Justiça penhora R$ 30 mil de Augusto Nunes, da Jovem Pan, para indenizar Gleisi Hoffmann

"Misógino e sexista", bolsonarista Augusto Nunes foi condenado por danos morais em ação movida pela presidenta nacional do PT, mas "permaneceu inerte"

A justiça determinou a penhora de R$ 30 mil das contas do jornalista Augusto Nunes, da Jovem Pan, para pagamento de indenização à presidente nacional do PT, a deputada federal Gleisi Hoffmann (PT-PR).

Nunes, que faz a defesa enfática de Jair Bolsonaro (Sem partido) na emissora da família de Antônio Augusto Amaral de Carvalho, o Tuta, foi condenado em maio por danos morais, mas segundo informações de Mônica Bergamo, na Folha de S.Paulo, “permaneceu inerte”.

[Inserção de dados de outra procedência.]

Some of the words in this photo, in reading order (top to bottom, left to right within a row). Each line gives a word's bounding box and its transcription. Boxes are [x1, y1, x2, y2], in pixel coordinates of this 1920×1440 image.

O jornalista, que foi uma espécie de porta-voz da ditadura na mídia liberal, foi condenado à revelia – sem fazer sua defesa – por ter se referido à deputada como “amante” inúmeras vezes em textos publicados nos portais da revista Veja e no R7, ligado à Igreja Universal do Reino de Deus.

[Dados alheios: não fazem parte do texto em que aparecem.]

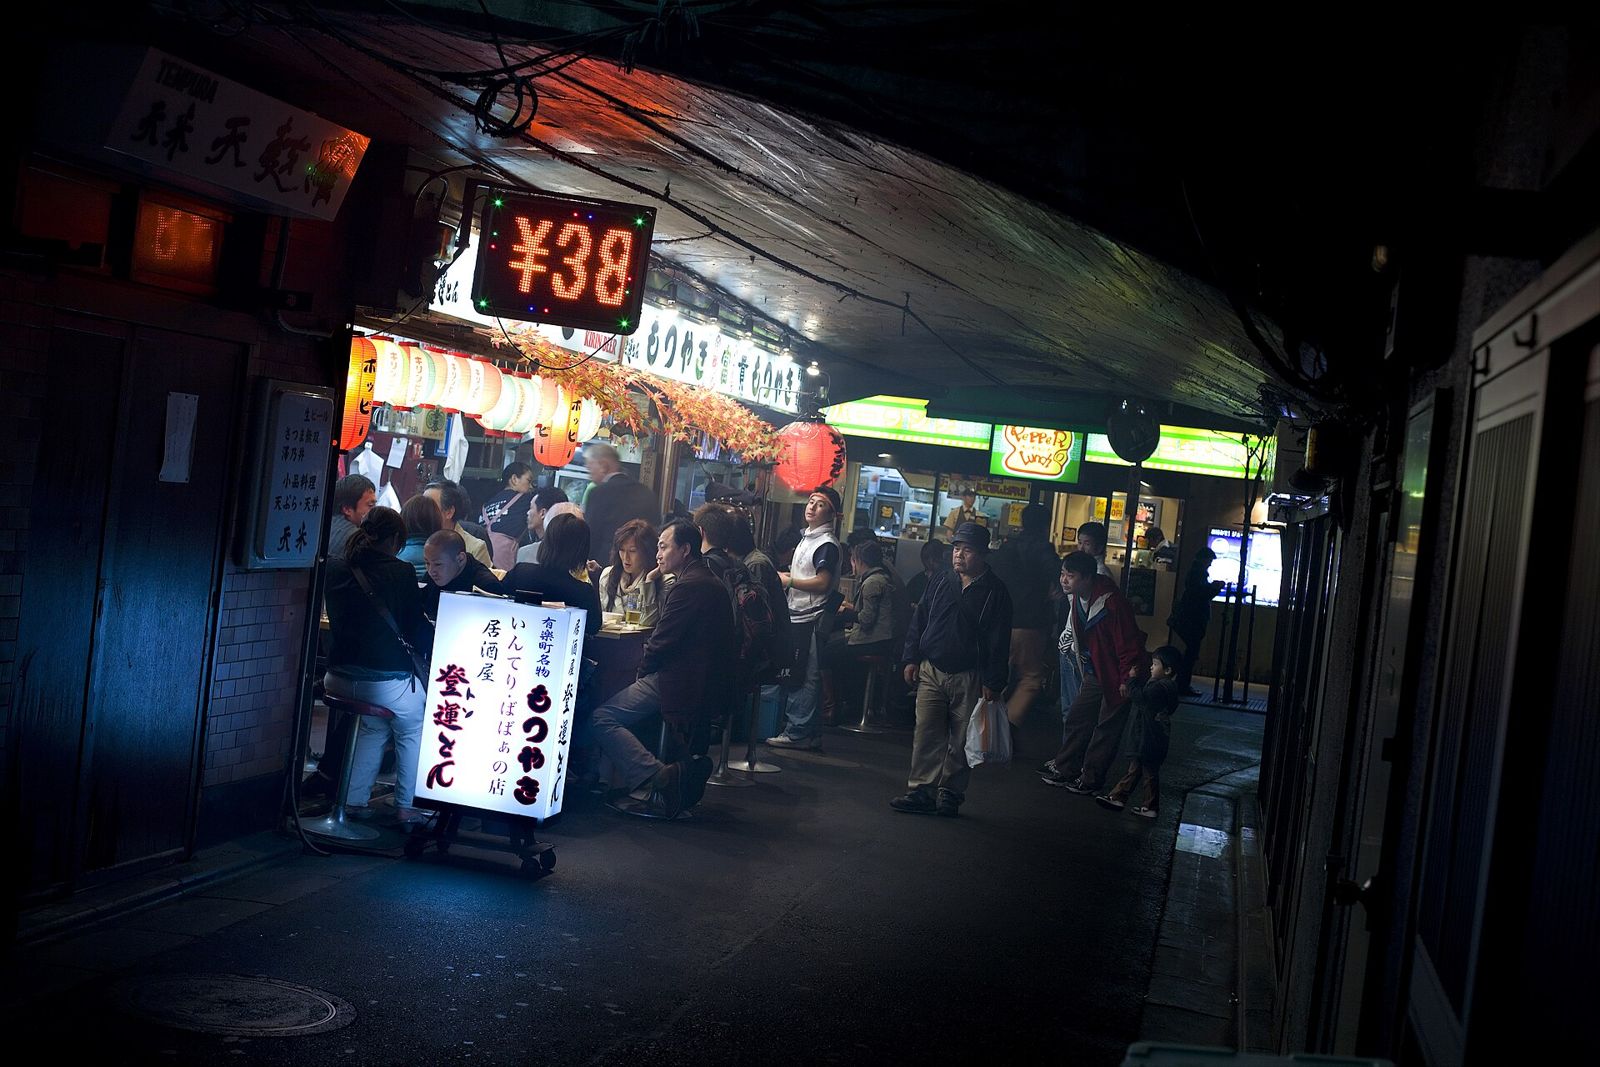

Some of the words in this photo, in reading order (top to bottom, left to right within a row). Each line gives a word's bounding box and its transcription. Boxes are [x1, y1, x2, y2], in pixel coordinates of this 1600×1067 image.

[508, 216, 633, 306] ¥38
[647, 320, 708, 381] もつやき
[283, 473, 317, 490] 小品料理
[476, 619, 501, 683] 居酒屋
[535, 616, 557, 678] 有楽町名物
[568, 618, 581, 676] 居酒屋
[425, 663, 470, 790] 登運とん
[514, 684, 552, 805] もつやき
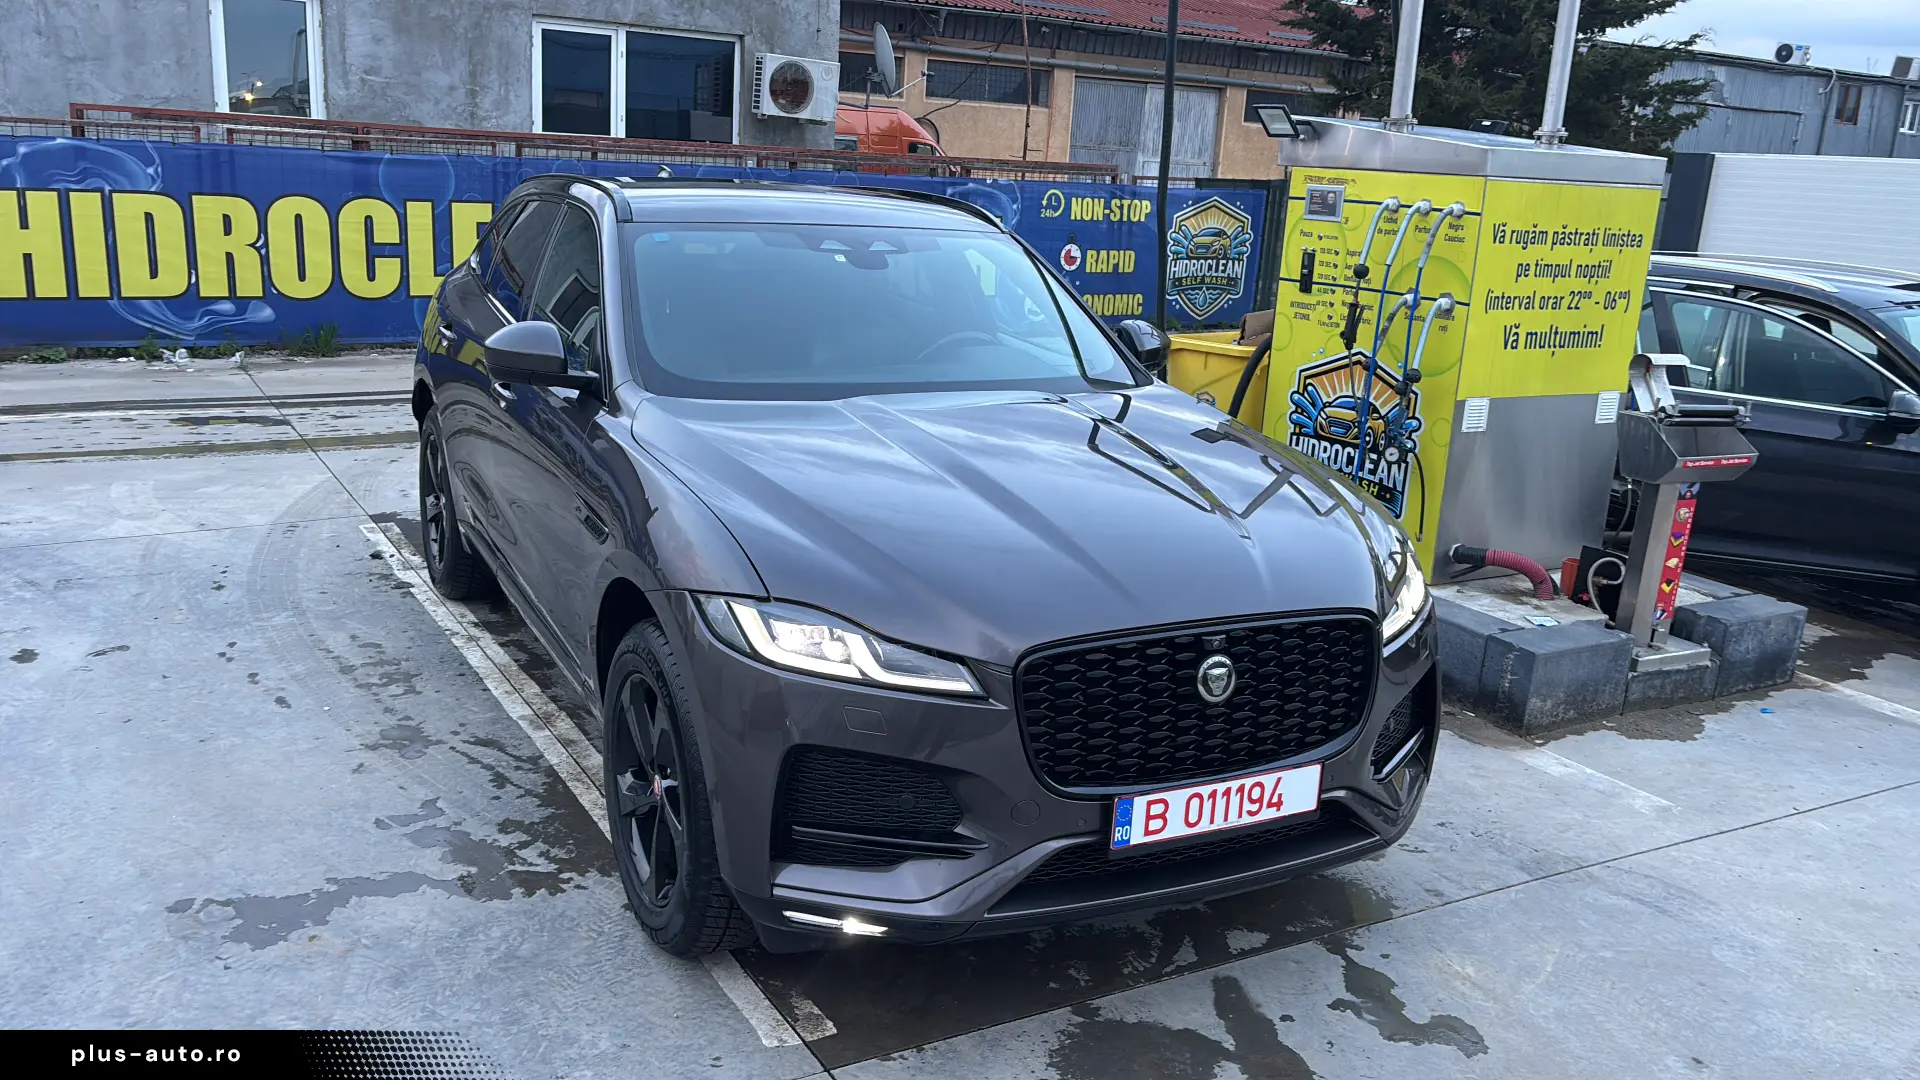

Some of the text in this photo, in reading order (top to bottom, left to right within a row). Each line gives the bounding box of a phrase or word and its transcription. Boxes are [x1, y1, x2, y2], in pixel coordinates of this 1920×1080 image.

Os desembargadores da 3ª Turma Cível do Tribunal de Justiça do Distrito Federal e Territórios (TJDFT) determinaram também, que o acórdão condenatório seja publicado “pelo período mínimo de 30 dias” em todos os veículos em que “as ofensas foram divulgadas”, o que também não foi cumprido pelos veículos de comunicação.

Na sentença, o desembargador Alvaro Ciarlini disse que “o sentido infamante e desrespeitoso adotado pelo réu se encontra carregado de conteúdo misógino e sexista, puramente com o intuito de agredir a demandante”.

Nunes usou a expressão 72 vezes. Segundo o desembargador, o bolsonarista fazia questão de mencionar que Gleisi era “conhecida pelo codinome amante no departamento de propinas da Odebrecht”, com base em informações da Lava Jato.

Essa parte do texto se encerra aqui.